5.2.1 Harvard Humanitarian Initiative (HHI) Project - Emergence of ‘Crisis Mapping’ 2007 was an extraordinary year for the outset of VGI and Crisis Mapping. While Goodchild (2007) coined the term of VGI as the participatory citizen science in a voluntary approach, Harvard Humanitarian Initiative (HHI, n.d.) launched a new historical research program of ‘Crisis Mapping and Early Warning’ in 2007-2009. This two-year project “seeks to develop an evidence base to information technologies, to convene the humanitarian and technical communities, to facilitate the dialogue among humanitarian actors, and to provide new sources of data to improve understanding of conflict dynamics” (HHI, n.d.). HHI highly acknowledged the role of ICT in a disaster setting. Specifically, HHI centralizes on the impacts of geospatial and crowdsourcing technologies, importantly, on crisis mapping.

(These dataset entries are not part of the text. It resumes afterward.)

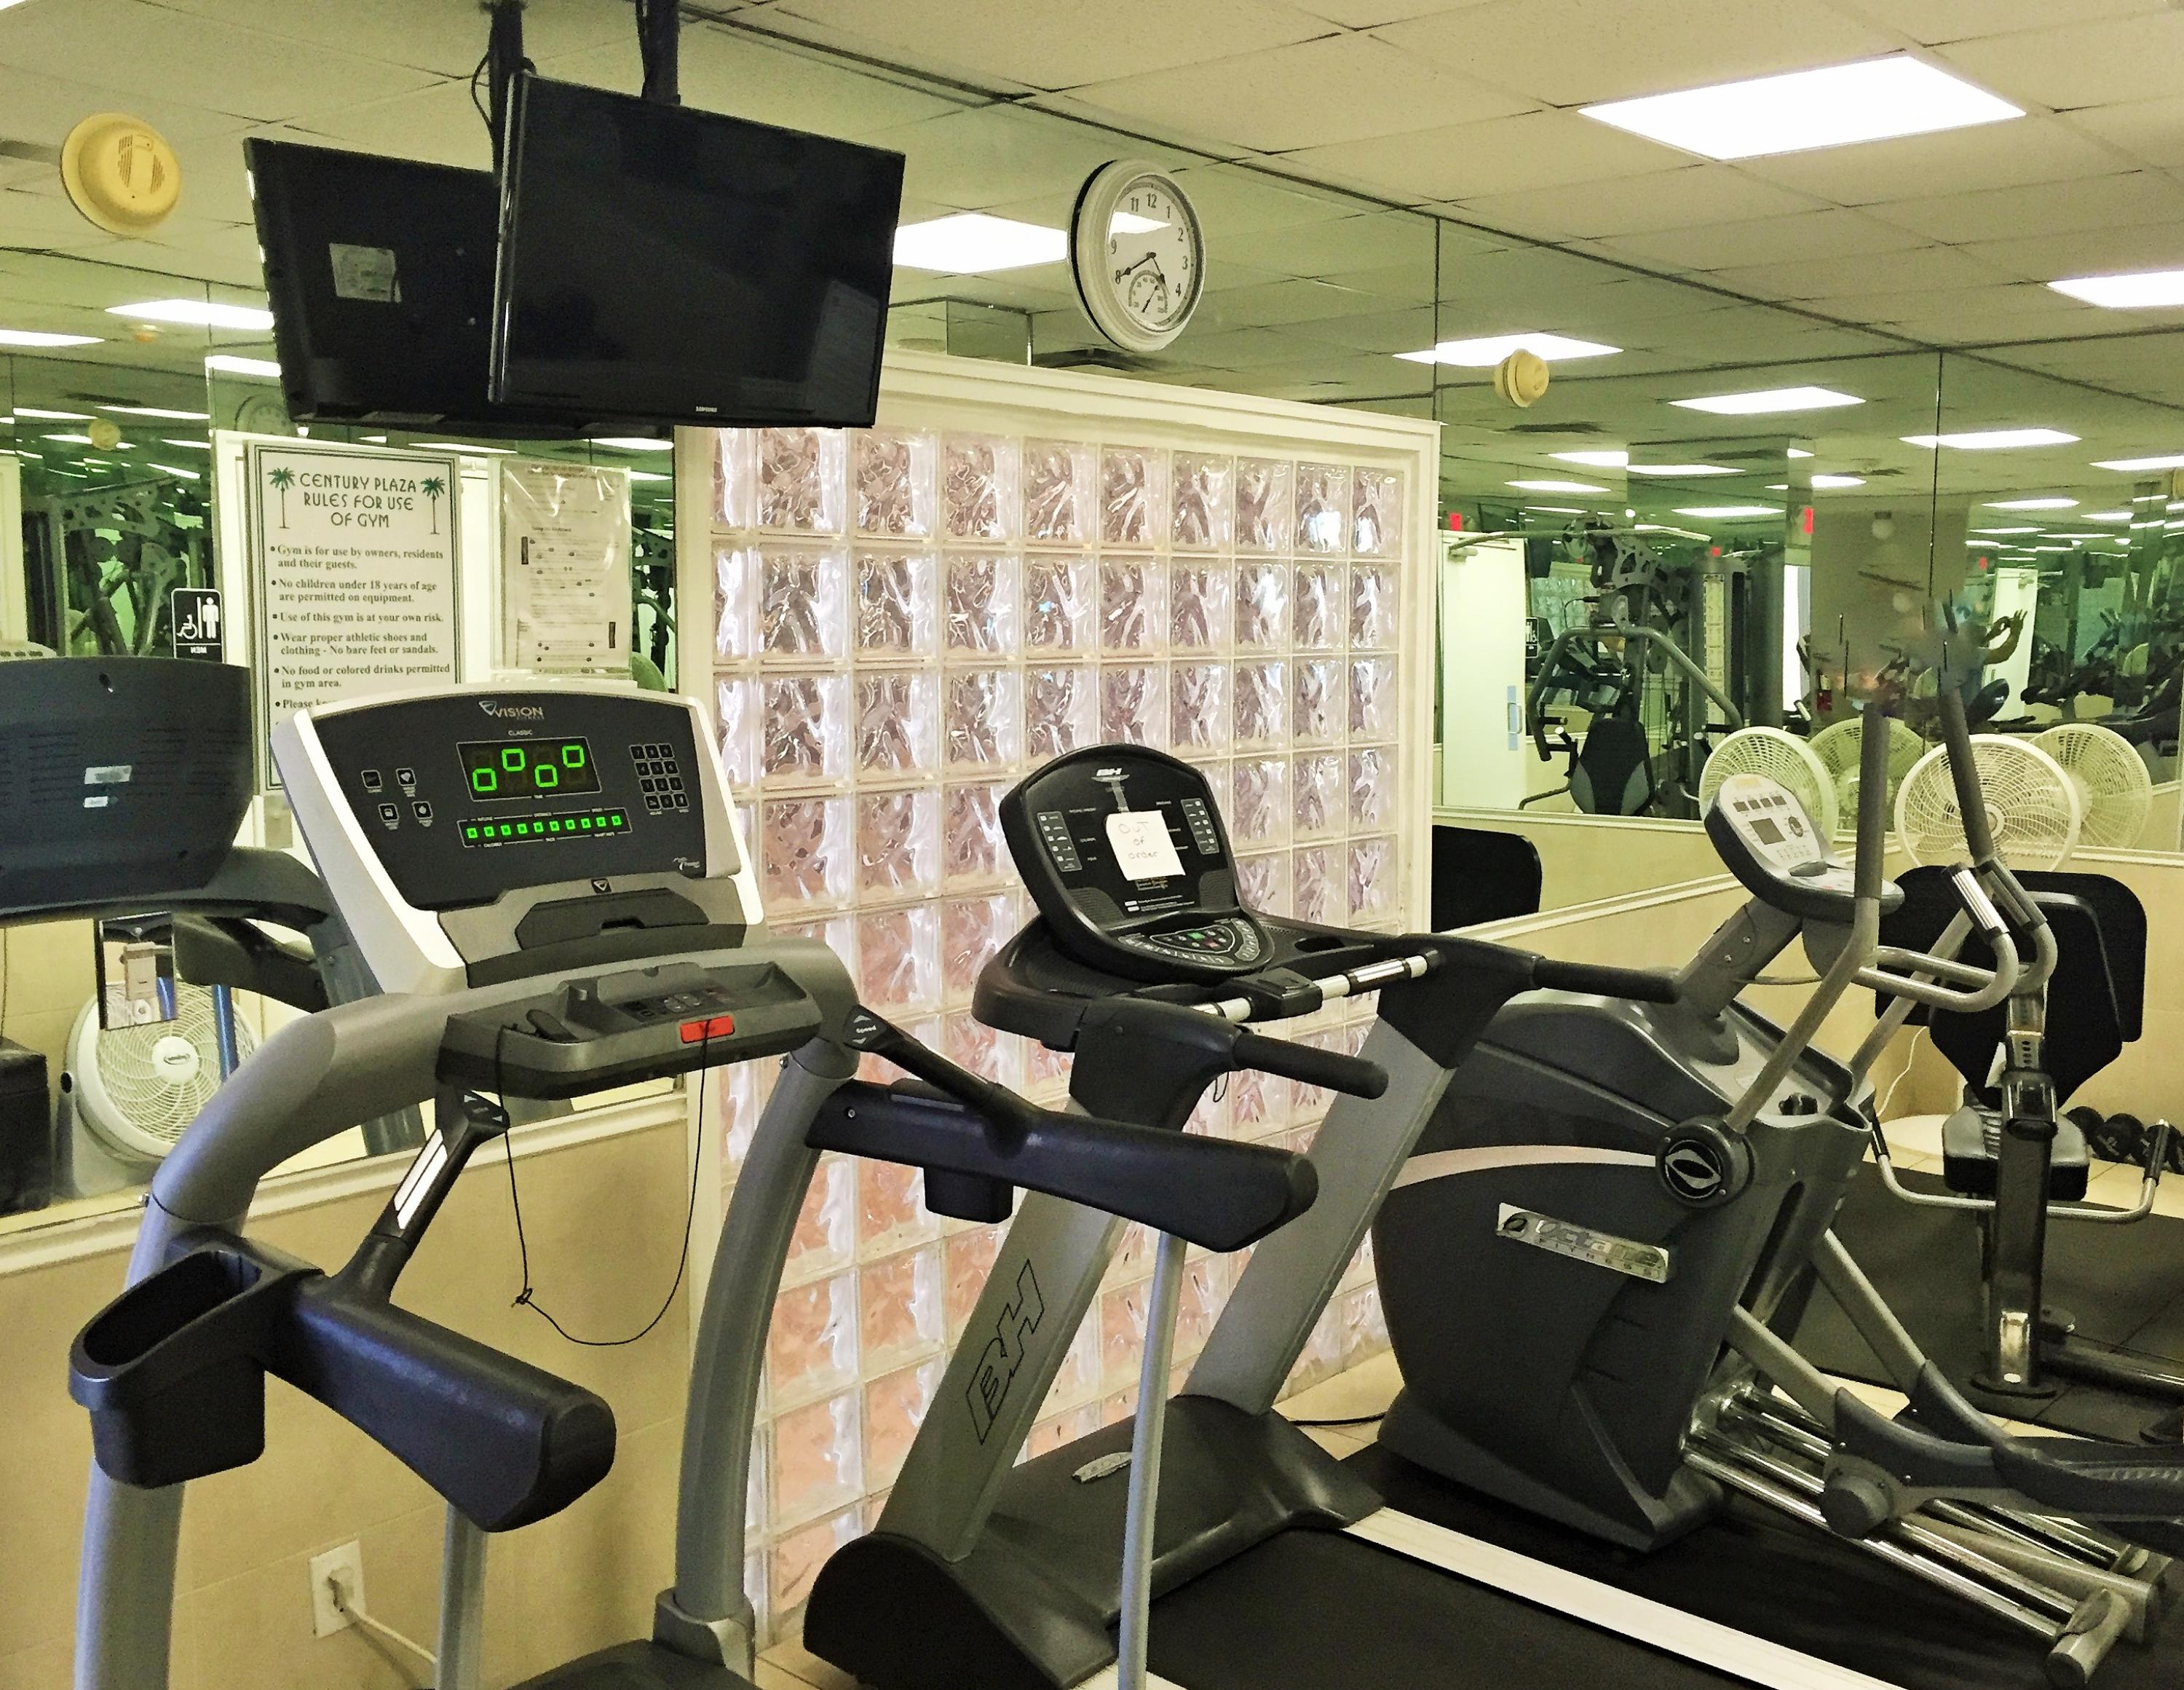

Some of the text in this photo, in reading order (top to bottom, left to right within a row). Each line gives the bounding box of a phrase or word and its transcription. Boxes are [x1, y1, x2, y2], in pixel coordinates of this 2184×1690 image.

[1131, 197, 1139, 212] 11
[1147, 192, 1157, 209] 12
[1166, 205, 1171, 219] 1
[1178, 227, 1184, 242] 2
[1111, 240, 1117, 255] 9
[1182, 256, 1188, 270] 3
[1115, 269, 1121, 285] 8
[1175, 283, 1181, 297] 4
[300, 473, 416, 492] CENTURY PLAZA
[304, 492, 414, 510] RULES FOR USE
[331, 512, 389, 528] OF GYM
[277, 545, 443, 559] Gym is for use by owners, residents
[278, 558, 357, 571] and their guests.
[280, 578, 437, 593] No children under 18 years of age
[298, 593, 345, 603] permitted
[363, 594, 414, 604] equipment.
[301, 612, 310, 620] of
[313, 613, 331, 621] this
[333, 615, 355, 624] gym
[379, 615, 400, 623] your
[424, 614, 443, 622] risk.
[281, 633, 427, 644] Wear proper athletic shoes and
[281, 646, 320, 656] clothing
[330, 646, 344, 655] No
[347, 646, 367, 654] bare
[370, 646, 386, 654] feet
[402, 645, 438, 654] sandals.
[282, 666, 296, 675] No
[298, 666, 319, 674] food
[336, 666, 370, 674] colored
[374, 666, 403, 674] drinks
[406, 664, 450, 674] permitted
[282, 679, 341, 690] in gym area.
[282, 698, 312, 708] Please
[495, 706, 544, 718] VISION
[1133, 837, 1145, 846] of
[1128, 850, 1158, 860] order
[966, 1258, 1045, 1445] BH

However, the term ‘crisis mapping’ was still hard to define (HHI, n.d.). With the research findings in the years after 2007, scientists from HHI had determined the future research directions of crisis mapping in disaster response. Thus, in 2009, HHI identified crisis mapping as encompassing three main fields: crisis map sourcing, crisis map visualization, and crisis map analysis (Meier, 2011a). Meier explained that, on crisis map sourcing, one can utilize various methodologies and technologies for data collection, ranging from traditional paper survey methods to the modern social media postings. On crisis visualization, practitioners visually present the collected information on a dynamic map so that

66 the users can interact with the information with each other on a large scale (Meier, 2011a). Crisis Mapping analysis strives to provide real-time information to support the decision-making process, with crisis mapping platforms. The platforms enable users to query the information and assess the impacts of a disaster in an effective fashion (Meier, 2011a). In addition to the discovery of three components of crisis mapping, the rising role of open-source crisis mapping software, use of social media, online volunteers who engaged in crisis mapping activities, as well as the growing interaction between humanitarian organizations and the volunteer communities, all had brought crisis mapping into a new era (Meier, 2011a).

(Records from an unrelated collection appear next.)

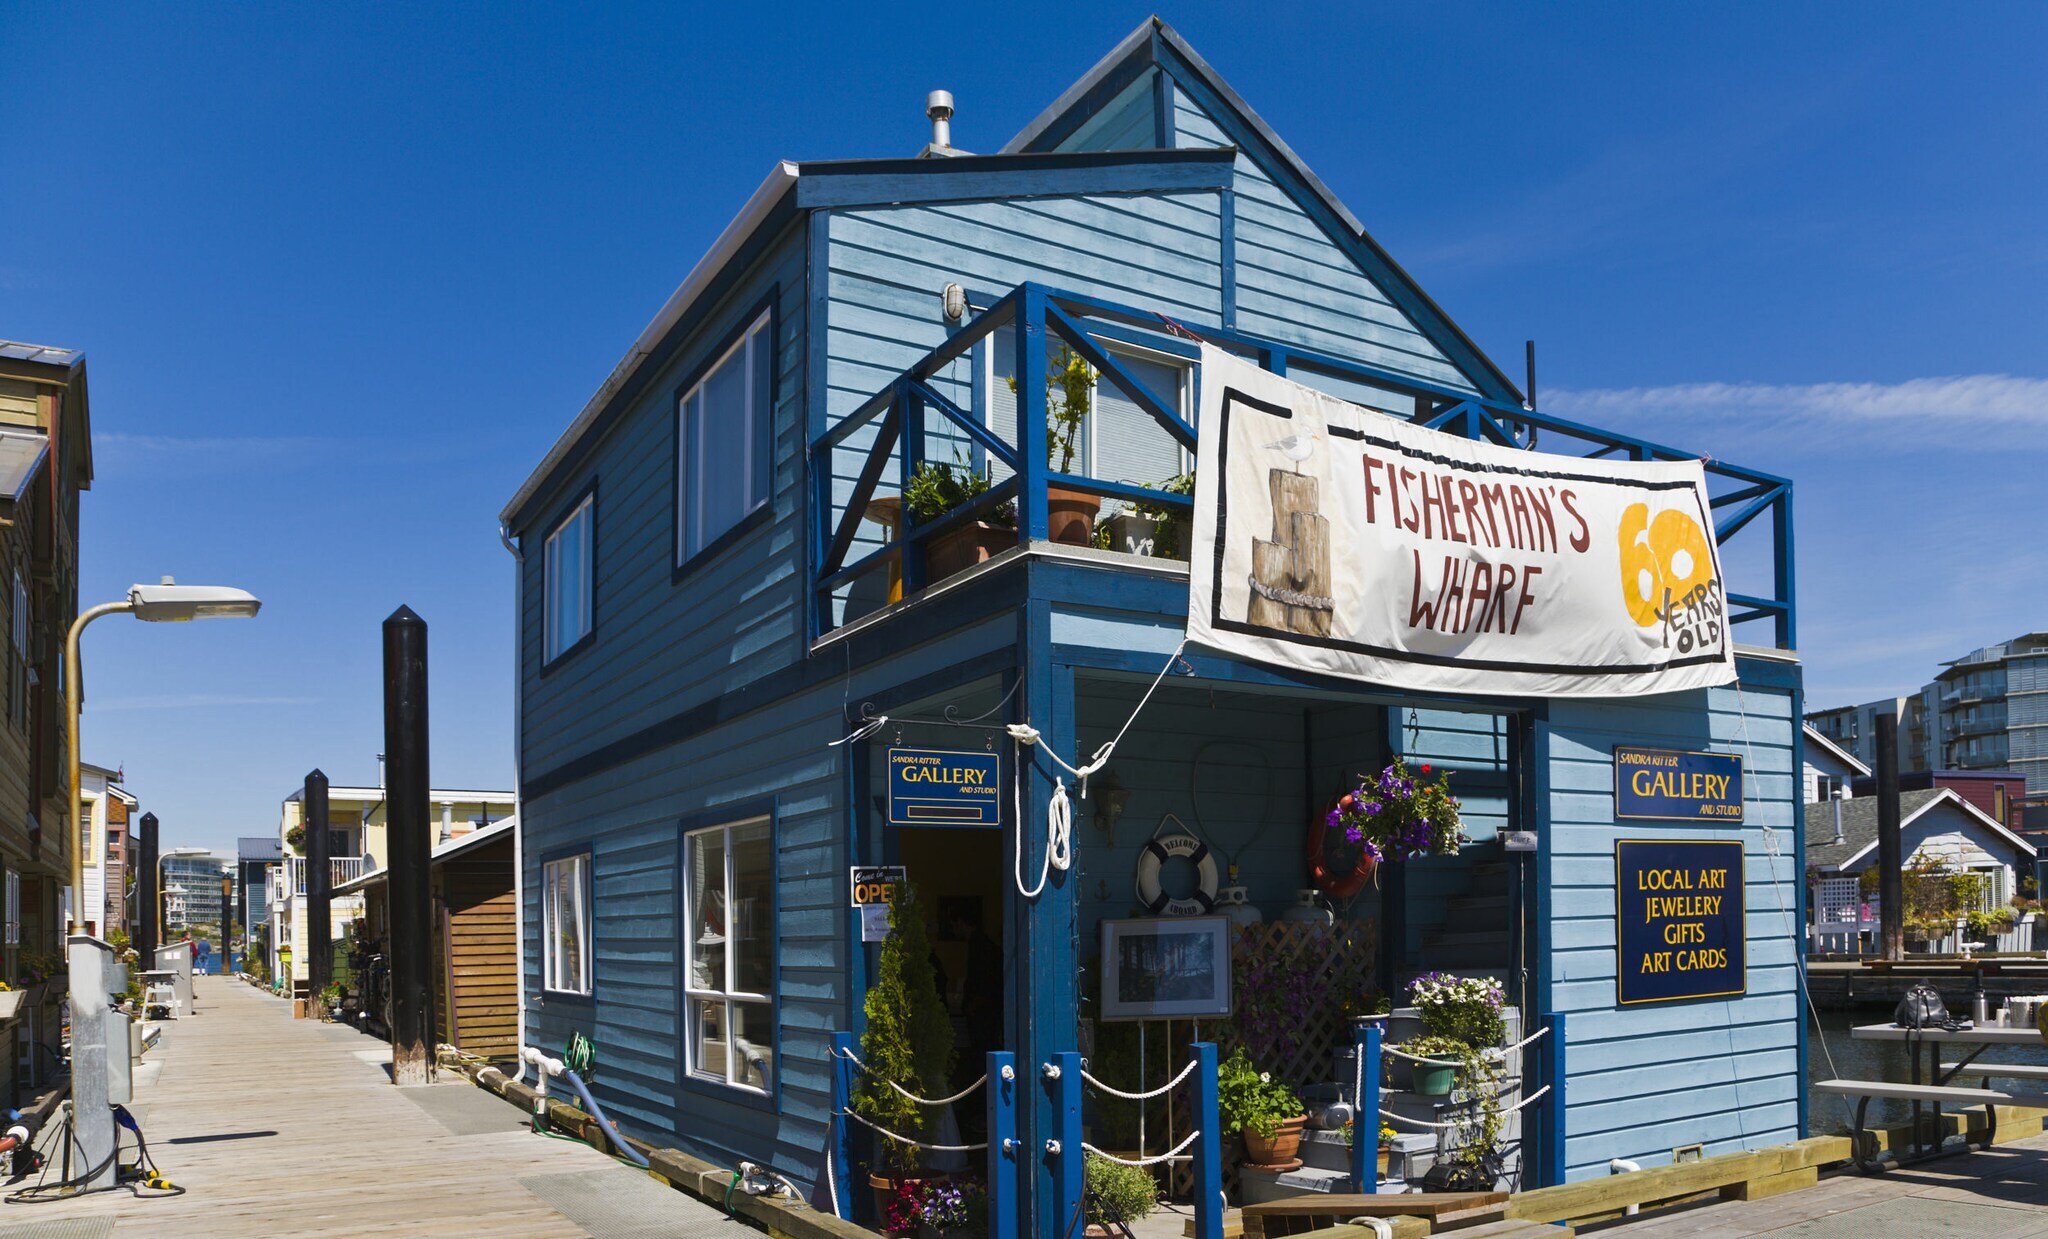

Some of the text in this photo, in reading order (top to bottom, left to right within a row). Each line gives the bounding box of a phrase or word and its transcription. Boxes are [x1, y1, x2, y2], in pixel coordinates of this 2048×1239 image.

[1362, 453, 1591, 554] FISHERMAN'S
[1618, 502, 1713, 628] 60
[1408, 548, 1543, 636] WHARF
[1653, 579, 1723, 649] YEARS
[1677, 620, 1720, 654] OLD
[892, 756, 941, 765] SANDRA RITTER
[1620, 753, 1679, 767] SANDRA RITTER
[901, 765, 987, 785] GALLERY
[1632, 769, 1731, 800] GALLERY
[959, 786, 996, 795] AND STUDIO
[1699, 803, 1741, 816] AND STUDIO
[1164, 839, 1198, 850] WELCOME
[1638, 868, 1728, 891] LOCAL ART
[1645, 895, 1722, 925] JEWELERY
[1663, 922, 1706, 945] GIFTS
[1640, 948, 1729, 974] ART CARDS

5.2.2 Post-Election Crisis in Kenya - Formation of Ushahidi “We will create an engine that will allow anyone to source information from the field and provide a free and open-source tool that will help in the crowdsourcing of information, focusing on crisis and early-warning information.” -- Erik Hersman, one of the creators of Ushahidi (Ushahidi, 2018)

Another milestone is the formation of the Ushahidi platform, which initiated a new stage of real-time and collaborative mapping for crises — throwing back to the post-election violence that caused 1,000 deaths in Kenya, 2008, some activists engaged in creating a live map project with nationwide crowd-sourced reports. With the Google Map of Kenya as the base map, they embedded a Web Form with an SMS number of 6607, so Kenyan citizens were able to submit any incident reports regarding any human rights violations nearby, such as riots, deaths, property loss, government forces, civilians, rape and more (Figure 5.1). In this way, as journalists were unable to be present anytime and timely document incidents, citizens filled in the information void simply with access to the Internet and a mobile phone (Meier, 2012b).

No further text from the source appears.